1924 United States presidential election in Tennessee

All 12 Tennessee votes to the Electoral College
| Nominee | John W. Davis | Calvin Coolidge |  |
| Party | Democratic | Republican |
| Home state | West Virginia | Massachusetts |
| Running mate | Charles W. Bryan | Charles G. Dawes |
| Electoral vote | 12 | 0 |
| Popular vote | 158,682 | 130,728 |
| Percentage | 52.86% | 43.54% |
- County results
| Davis 40–50% 50–60% 60–70% 70–80% 80–90% 90–100% | Coolidge 40–50% 50–60% 60–70% 70–80% 80–90% 90–100% |
| President before election Calvin Coolidge Republican | Elected President Calvin Coolidge Republican |

= 1924 United States presidential election in Tennessee =

The 1924 United States presidential election in Tennessee took place on November 4, 1924, as part of the 1924 United States presidential election. Voters chose 12 representatives, or electors, to the Electoral College, who voted for president and vice president.

For over a century after the Civil War, Tennessee was divided according to political loyalties established in that war. Unionist regions covering almost all of East Tennessee, Kentucky Pennyroyal-allied Macon County, and the five West Tennessee Highland Rim counties of Carroll, Henderson, McNairy, Hardin and Wayne voted Republican – generally by landslide margins – as they saw the Democratic Party as the "war party" who had forced them into a war they did not wish to fight. Contrariwise, the rest of Middle and West Tennessee who had supported and driven the state's secession was equally fiercely Democratic as it associated the Republicans with Reconstruction. After the disfranchisement of the state's African-American population by a poll tax was largely complete in the 1890s, the Democratic Party was certain of winning statewide elections if united, although unlike the Deep South Republicans would almost always gain thirty to forty percent of the statewide vote from mountain and Highland Rim support. When the Democratic Party was bitterly divided, the Republicans did win the governorship in 1910 and 1912, but did not gain at other levels.

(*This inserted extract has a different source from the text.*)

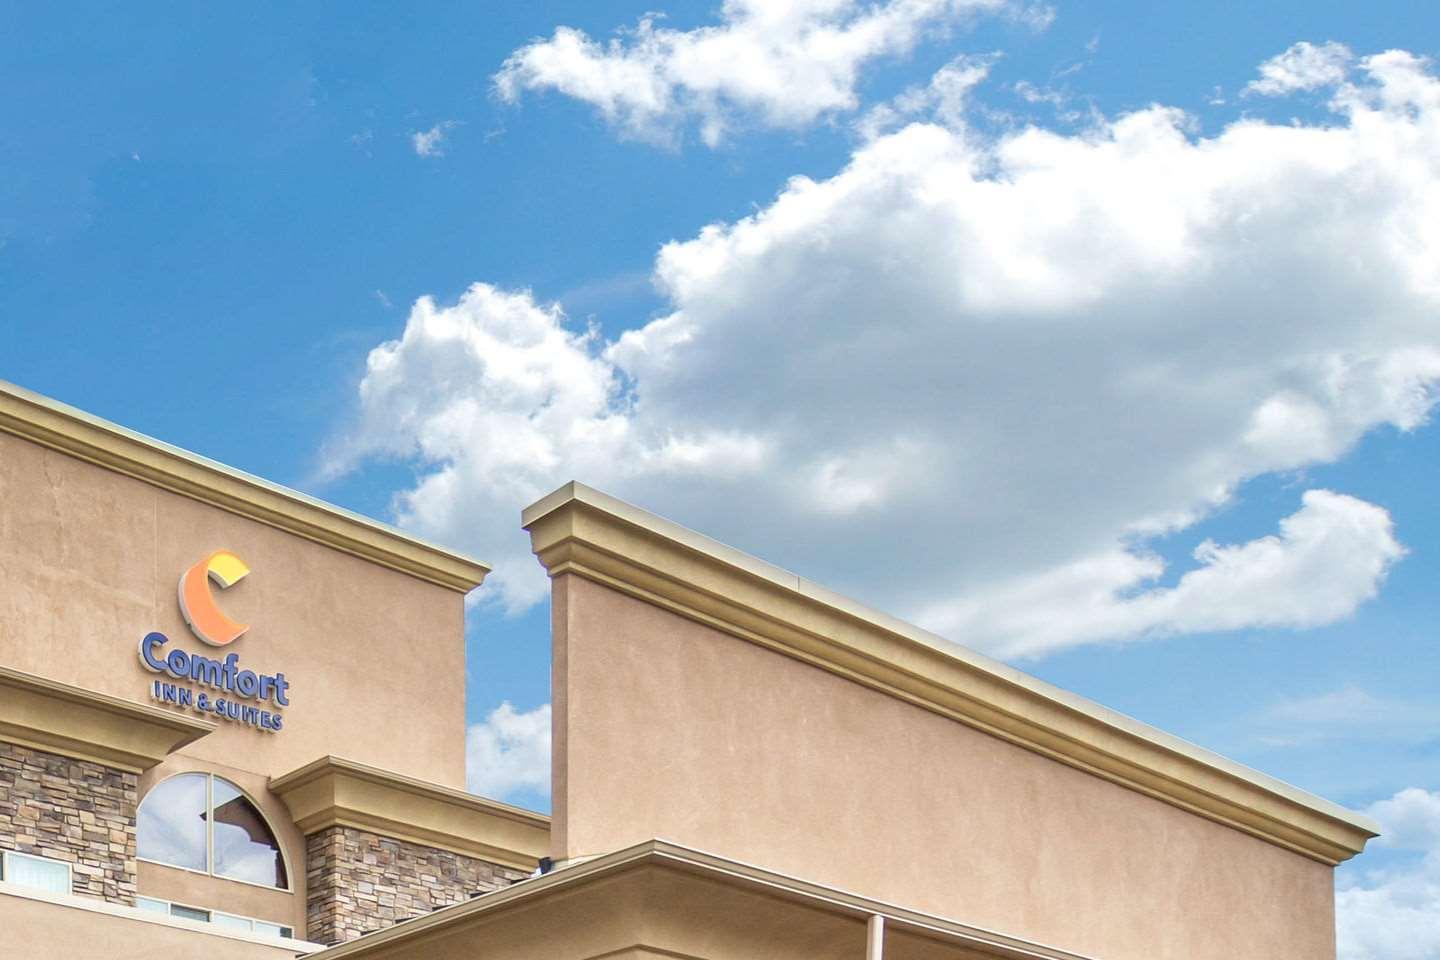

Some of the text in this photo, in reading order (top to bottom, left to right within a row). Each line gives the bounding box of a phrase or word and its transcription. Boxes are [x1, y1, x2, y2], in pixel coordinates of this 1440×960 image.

The 1920 election saw a significant but not radical change, whereby by moving into a small number of traditionally Democratic areas in Middle Tennessee and expanding turnout due to the Nineteenth Amendment and powerful isolationist sentiment, the Republican Party was able to capture Tennessee's presidential electoral votes and win the governorship and take three congressional seats in addition to the rock-ribbed GOP First and Second Districts. In 1922, with the ebbing of isolationist sympathy and a consequent decline in turnout, the Democratic Party regained the three seats lost in 1920 and also regained Tennessee's governorship under Austin Peay, later to become notorious for attempting to prohibit the teaching of evolution.

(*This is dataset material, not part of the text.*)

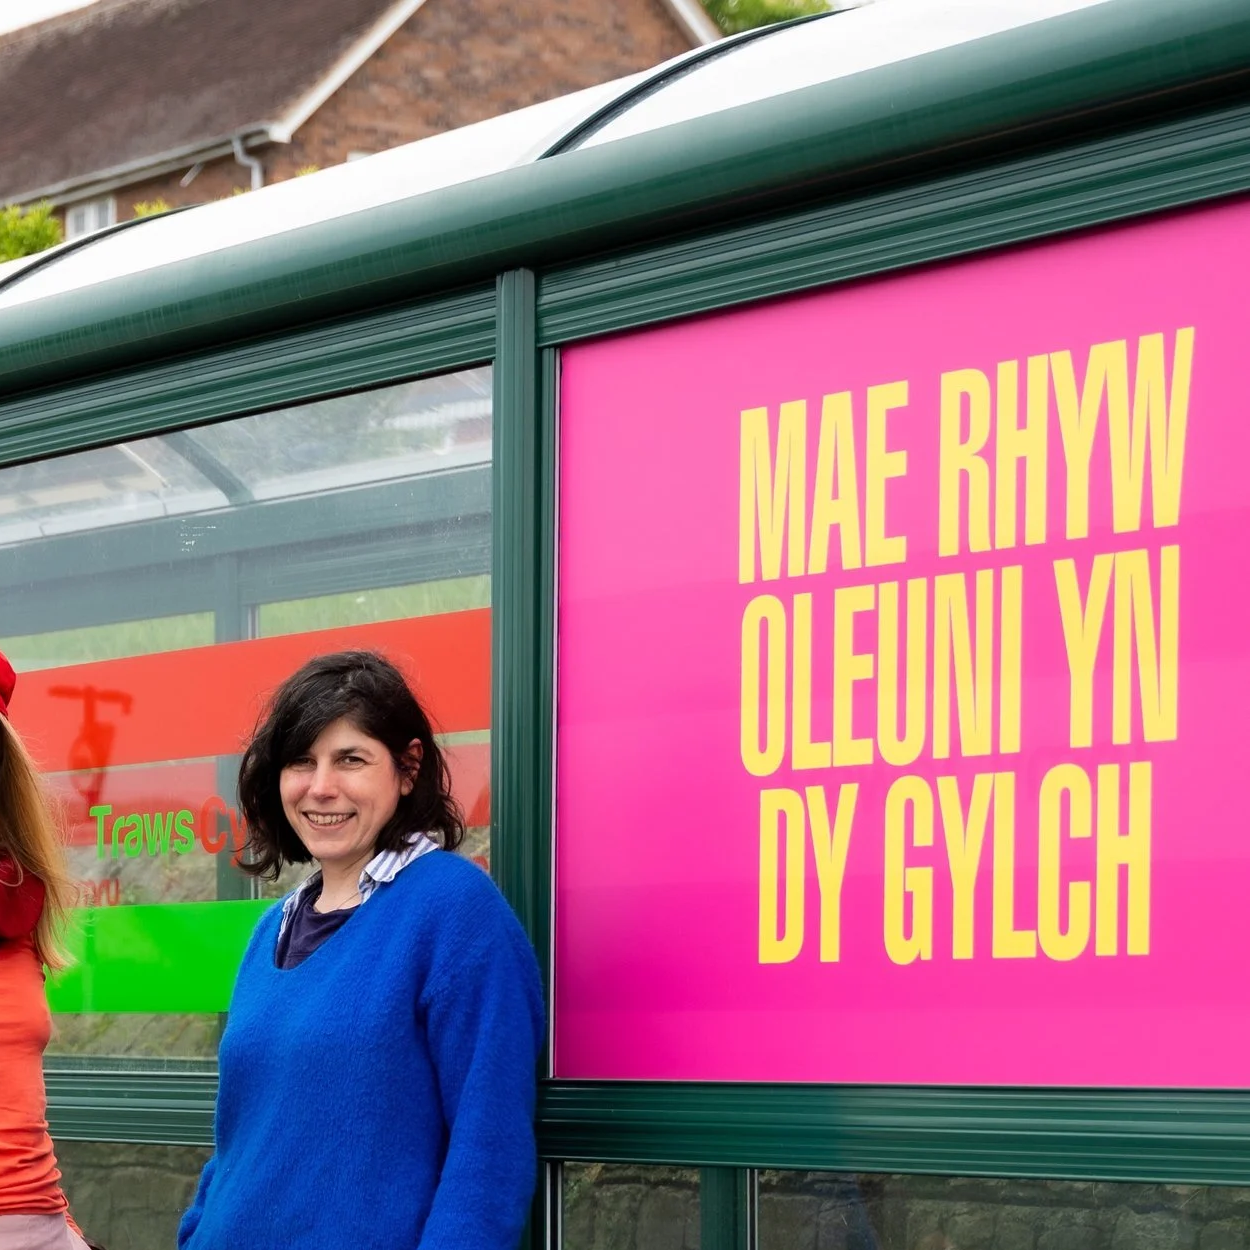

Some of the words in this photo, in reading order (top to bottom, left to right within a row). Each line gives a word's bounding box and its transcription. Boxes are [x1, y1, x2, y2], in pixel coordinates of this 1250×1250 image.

During the deeply divided Democratic presidential primaries and 1924 Democratic National Convention, Governor Peay was Tennessee's main representative Despite Tennessee's strong prohibitionist leanings and "Bible Belt" anti-Catholicism, it was thought popular Catholic New York Governor Al Smith would have to carry the state at this convention to win the Democratic nomination. However, in May, Tennessee went to Smith's rival William Gibbs McAdoo, who represented the rural, southern, historically secessionist and prohibitionist wing of the party.

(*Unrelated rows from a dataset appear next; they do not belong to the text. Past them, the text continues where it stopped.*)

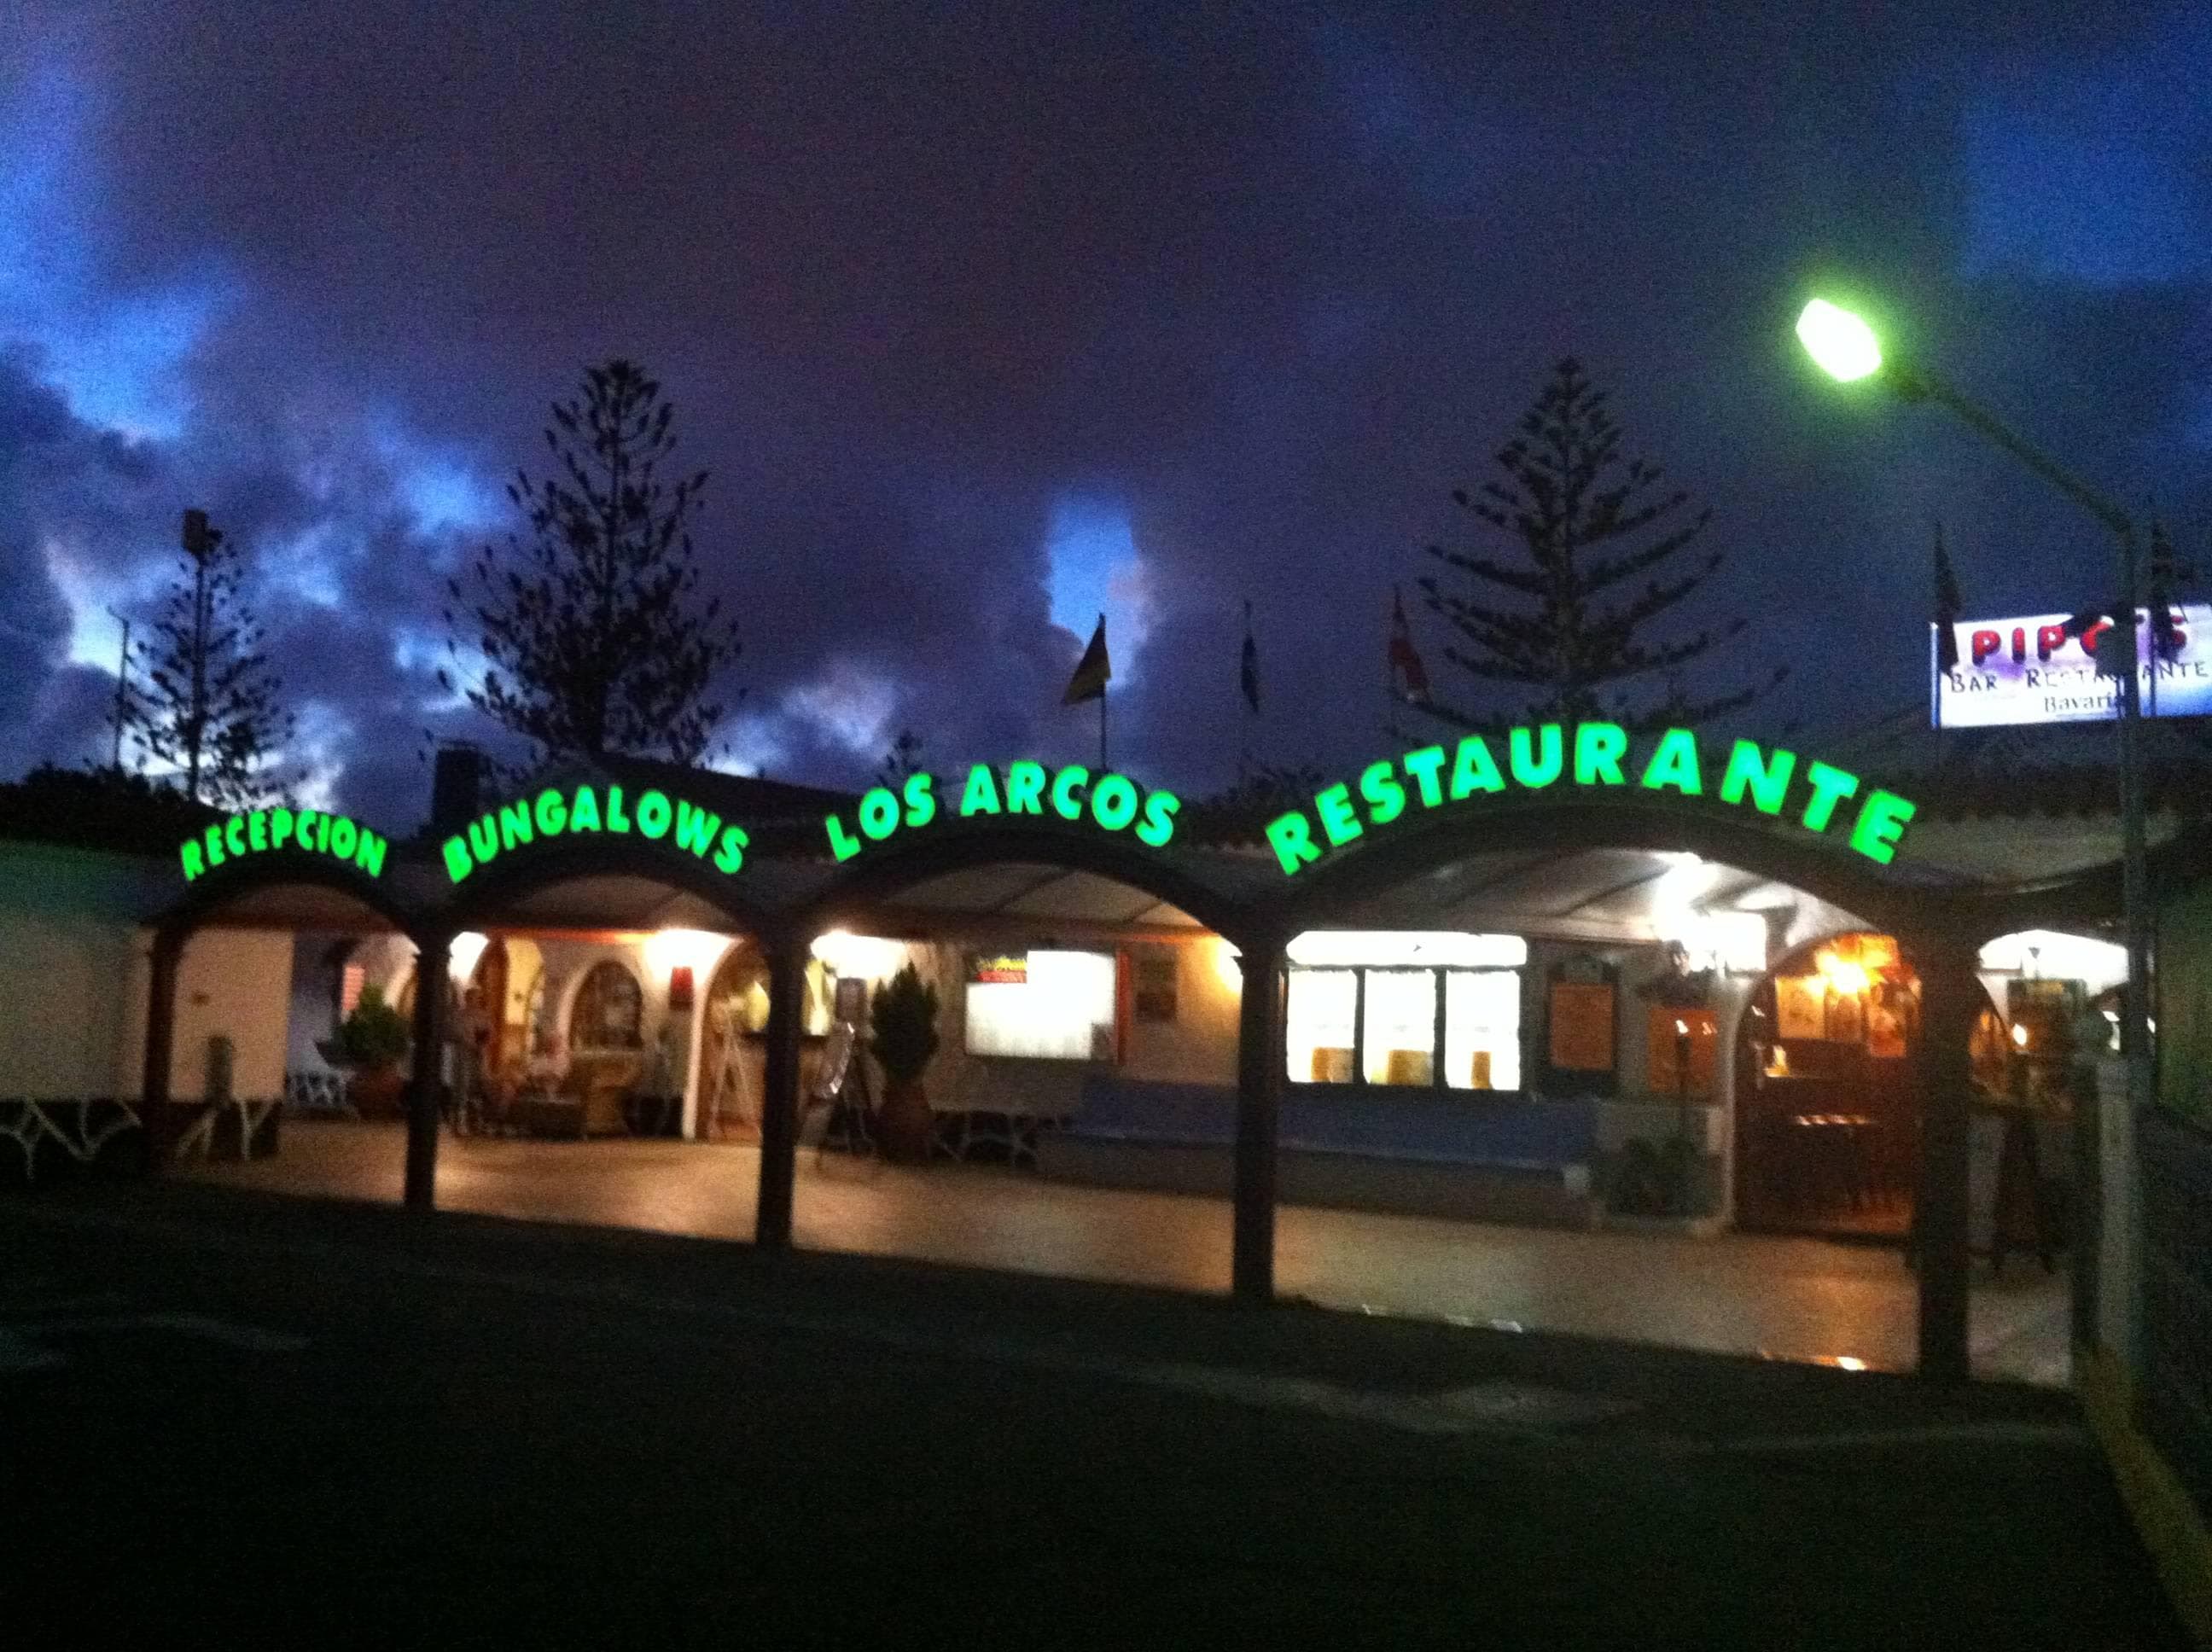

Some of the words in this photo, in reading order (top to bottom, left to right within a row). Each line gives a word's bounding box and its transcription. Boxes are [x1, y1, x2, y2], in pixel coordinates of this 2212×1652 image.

[1950, 674, 1998, 694] BAR
[2026, 660, 2209, 688] RESTANTE
[2044, 690, 2120, 713] Bavari
[442, 785, 749, 884] BUNGALOWS
[824, 772, 936, 863] LOS
[959, 759, 1181, 848] ARCOS
[1265, 721, 1917, 876] RESTAURANTE
[180, 806, 387, 881] RECEPCION

Ultimately neither Smith nor McAdoo could prove acceptable to all Democratic delegates and the nomination went to a compromise candidate in Wall Street lawyer John W. Davis of West Virginia. Although West Virginia was a border state whose limited African-American population had not been disenfranchised as in all former Confederate States, Davis did share the extreme social conservatism of Southern Democrats of his era. He supported poll taxes, opposed women's suffrage, and believed in strictly limited government with no expansion in nonmilitary fields. At the same time a progressive third-party run was predicted as early as winter 1923–24, and ultimately Wisconsin Senator Robert M. La Follette Sr. would be nominated by the "Committee for Progressive Political Action".

==Campaign==
The possibility of large La Follette votes in the Midwest and West tying up the Electoral College led Coolidge and Davis to give major priority to Tennessee and the border states – where Progressive candidate Robert M. La Follette generally had little appeal – in the early fall campaigns. In polling from the beginning of October, Tennessee was without representation, but at the end of that month it was rated as doubtful between Coolidge and Davis, although during the third week of that month, Davis himself had said he would carry the state by thirty to fifty thousand votes.

At the beginning of November, a drift to Coolidge was predicted by the New York Times, though Davis was still expected to carry the state by fewer than twenty thousand votes. As it proved, Davis won Tennessee by slightly more than the New York Times expected – with a twenty-eight-thousand vote plurality. Although La Follette would relegate Davis to third in twelve states and carry his home state of Wisconsin, he had very little appeal amongst Tennessee's poll-tax-restricted electorate, with the exception of small nitrate-mining communities in and around Grundy County where he even ran second ahead of Coolidge. It was predicted in the latest polls that La Follette would gain less than ten percent of Tennessee's ballots, and in the end he finished with only 3.55%, making Tennessee La Follette's fourth-weakest state nationwide.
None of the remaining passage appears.